In tandem with cinematographer Seamus McGarvey and editor Joan Sobel, Ford differentiates storylines through color — cool blues for Susan’s present and yellowed tints for the revenge plot — and splices similarly-framed shots to further unite reality and invention, sustaining a tone of simmering dread. Fittingly, each frame of the film would not be out of place in an art gallery display. Whether it is L.A.’s snake-like freeways or two naked corpses on a red couch, Ford’s meticulous attention to composition imbues every shot with majesty and intent.

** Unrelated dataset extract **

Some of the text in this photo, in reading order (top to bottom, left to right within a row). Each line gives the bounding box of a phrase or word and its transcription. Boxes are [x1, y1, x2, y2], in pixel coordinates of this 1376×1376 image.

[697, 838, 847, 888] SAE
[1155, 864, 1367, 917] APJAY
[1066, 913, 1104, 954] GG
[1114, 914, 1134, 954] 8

Draped in opulent jewel tones and chunky earrings, Adams smolders as a woman whose seemingly-flawless life belies a painful past. Ford need only cut to a close up of her grave, pensive eyes — and he does so often — to convey a lifetime of regret. There are no exaggerated gasps or sudden bursts of tears; as Susan, Adams gives a masterclass in repressed guilt and fear. Her eyes flicker; her mouth quivers; she presses her hands to her face. Adams’ performance as young Susan — an ambitious twenty-something getting her master’s at Columbia — is just as nuanced. She gets only a few scenes to act out Susan’s journey from idealistic young lover to disillusioned wife to cruel betrayer, and makes the transition deftly, emanating a quiet melancholy throughout. Laura Linney (and her outrageously sculpted hair) makes a brief appearance and crackles with haughty condescension as Susan’s icy mother. With only a watery glance, however, Adams steals the scene right back.

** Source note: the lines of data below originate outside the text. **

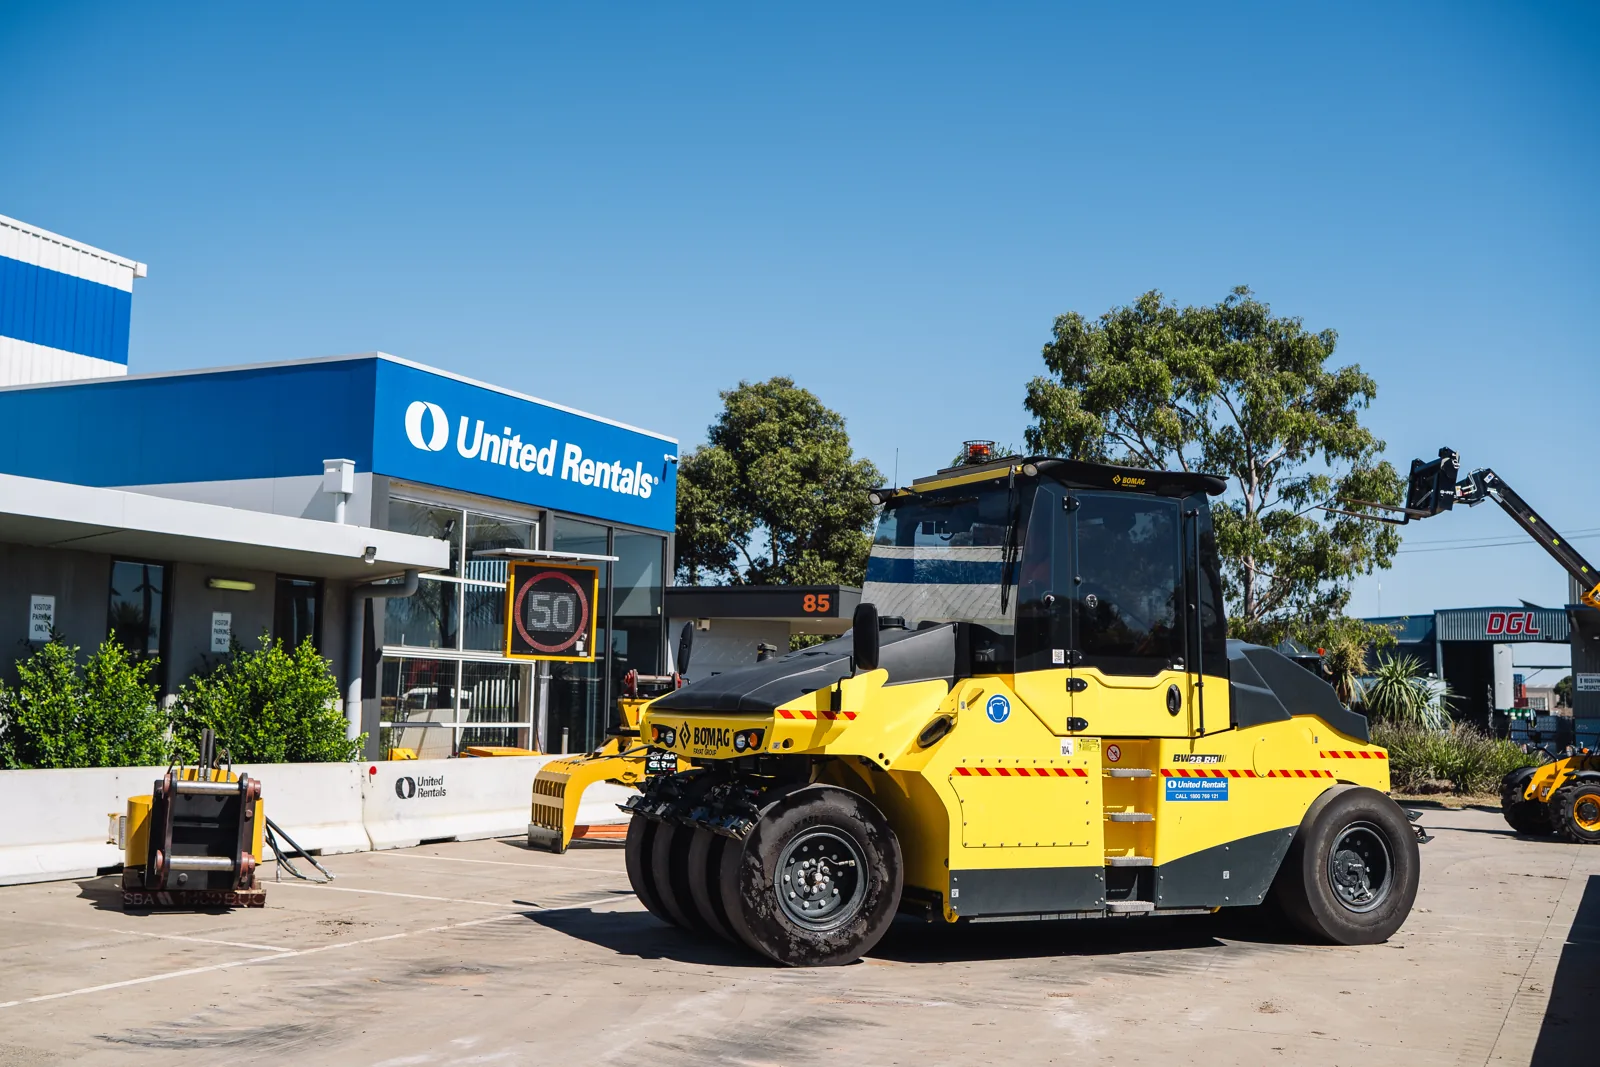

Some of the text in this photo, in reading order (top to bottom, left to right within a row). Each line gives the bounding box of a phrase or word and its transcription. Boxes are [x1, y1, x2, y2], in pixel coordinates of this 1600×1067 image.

[456, 415, 558, 477] United
[1122, 476, 1146, 486] BOMAG
[33, 603, 52, 611] VISITOR
[803, 594, 830, 612] 85
[531, 594, 573, 629] 50
[34, 624, 47, 632] ONLY
[1485, 612, 1540, 635] DGL
[693, 726, 730, 747] BOMAG
[1204, 755, 1218, 764] RH
[417, 775, 444, 787] United
[1177, 780, 1226, 789] United Rentals
[417, 786, 447, 798] Rentals
[124, 892, 155, 905] SBA

With a Texas twang and hollowed cheekbones, Gyllenhaal does double-duty as Edward and Tony Hastings, the fictional father in Edward’s book. Edward is the romantic to Susan’s pragmatist, the emotion to her realism and, while Gyllenhaal acts with intense humanity, Adams benefits from a more multi-faceted and engaging character. Fortunately for us, Edward’s book exposes his inner machinations and Gyllenhaal gets a storyline all to himself in the form of Tony. As the tortured man on an interminable hunt for the men who brutalized his wife (Isla Fisher) and daughter (Ellie Bamber), he delivers a desperate and provocative performance. His grief and compulsive rage are palpable as he teams up with a reticent cop (Michael Shannon) and faces off against a terrifyingly unhinged ringleader (Aaron Taylor-Johnson). Although his is a story within a story, Tony’s tragic arc shocks and captivates despite its roots in fiction.
Animals is a mood. It is Adams’ protective sheath of red hair, Gyllenhaal’s white-knuckles, and Taylor-Johnson’s menacingly greasy split-ends. It is Korzeniowski’s pulsing score, a well-placed fade-in, and the oppressive darkness that colors a majority of the film. The film speaks through its tone and visuals and ends like it begins: with a sudden, emotive cut. There is no resolution, no closure, and certainly no happy ending. Just like that, we are left alone to ponder the cruelty that lurks beneath the stylish and the glamorous, the horror and the beauty of our world.